Ed Whelan writes for National Review Online about the potential long-term impact of Supreme Court nominee Amy Coney Barrett, if she wins confirmation to succeed Justice Ruth Bader Ginsburg.
“His judicial philosophy is mine too,” declared Amy Coney Barrett of her beloved mentor Antonin Scalia, at the White House ceremony for her nomination to the Supreme Court. Judge Barrett packed a lot of meaning into those few words. Her record, both as a judge and in her earlier career as a distinguished law professor at Notre Dame, shows both her profound commitment to Justice Scalia’s principles of textualism and originalism and her stellar ability to implement them.

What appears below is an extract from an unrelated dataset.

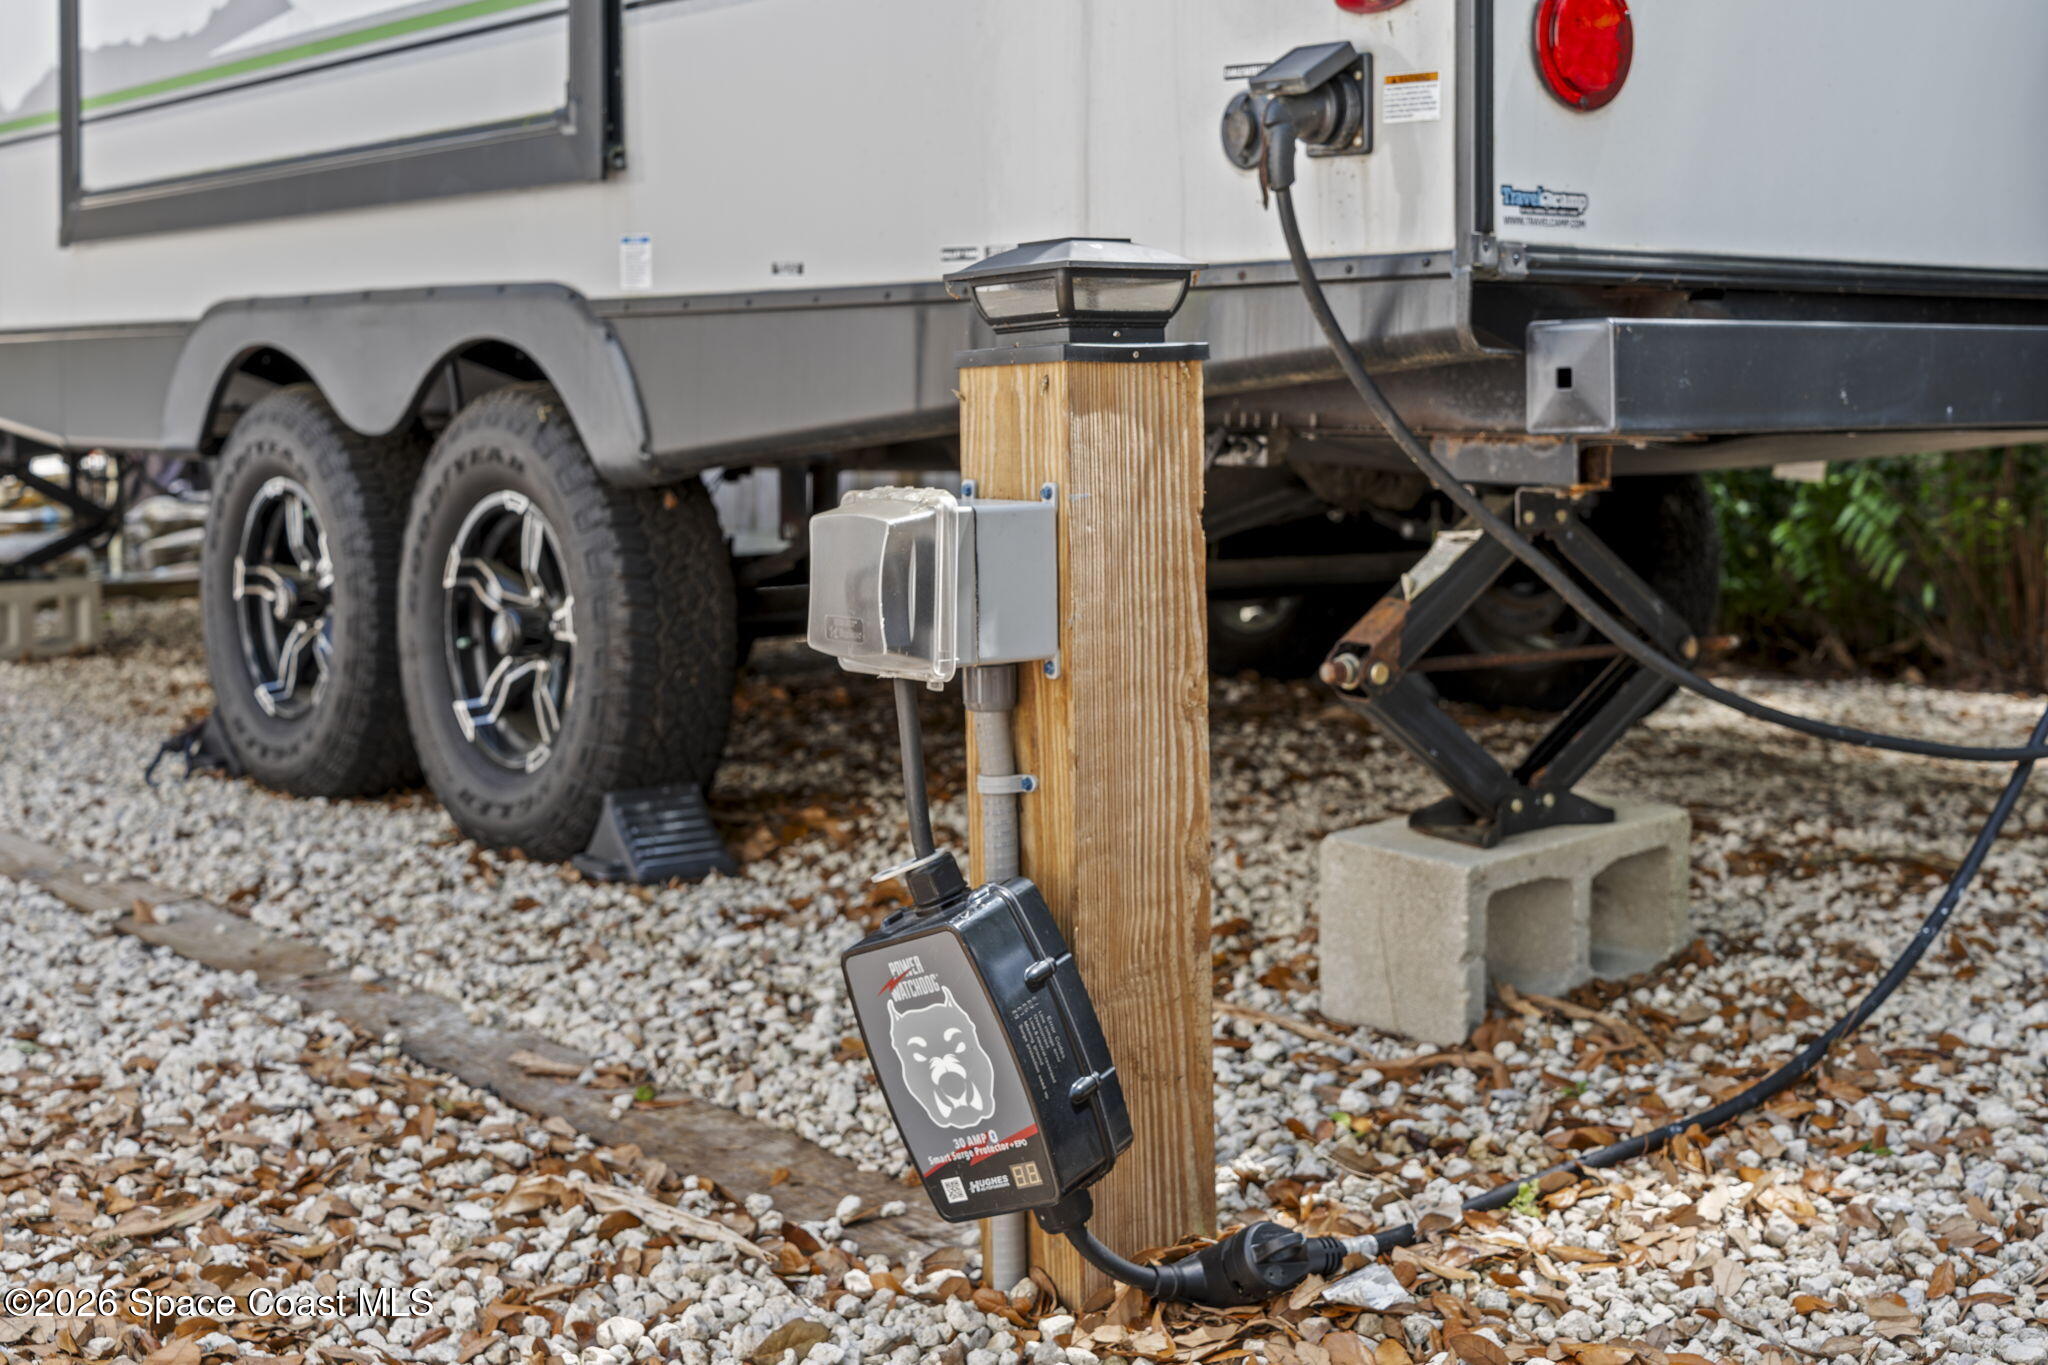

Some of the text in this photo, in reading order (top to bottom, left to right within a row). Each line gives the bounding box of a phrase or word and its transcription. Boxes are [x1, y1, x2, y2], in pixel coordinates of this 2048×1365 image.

As Barrett has explained, “textualism” and “originalism” are essentially two names for the same methodology, one arising in the field of statutory interpretation, the other in constitutional decision-making. The Constitution and statutes are legal texts, and the duty of the judge is to interpret their provisions according to the meaning they bore at the time they were adopted. Rival theories such as purposivism, pragmatism, and living-constitutionalism empower judges to ignore and override legal texts in order to impose their own solutions to the problems of the age.
“Judges are not policymakers,” Barrett explained in her White House remarks, “and they must be resolute in setting aside any policy views they might hold.” Judges have an obligation not to read their own personal convictions into legal texts, she has consistently emphasized, and that obligation is the same whether those convictions derive from their religious beliefs or from any other source.
Textualism and originalism deal with how people actually use language. Barrett has condemned as a canard the widespread view that textualism is literalism. As she notes, Scalia himself, for whom she worked as a Supreme Court law clerk, emphasized that “the good textualist is not a literalist.”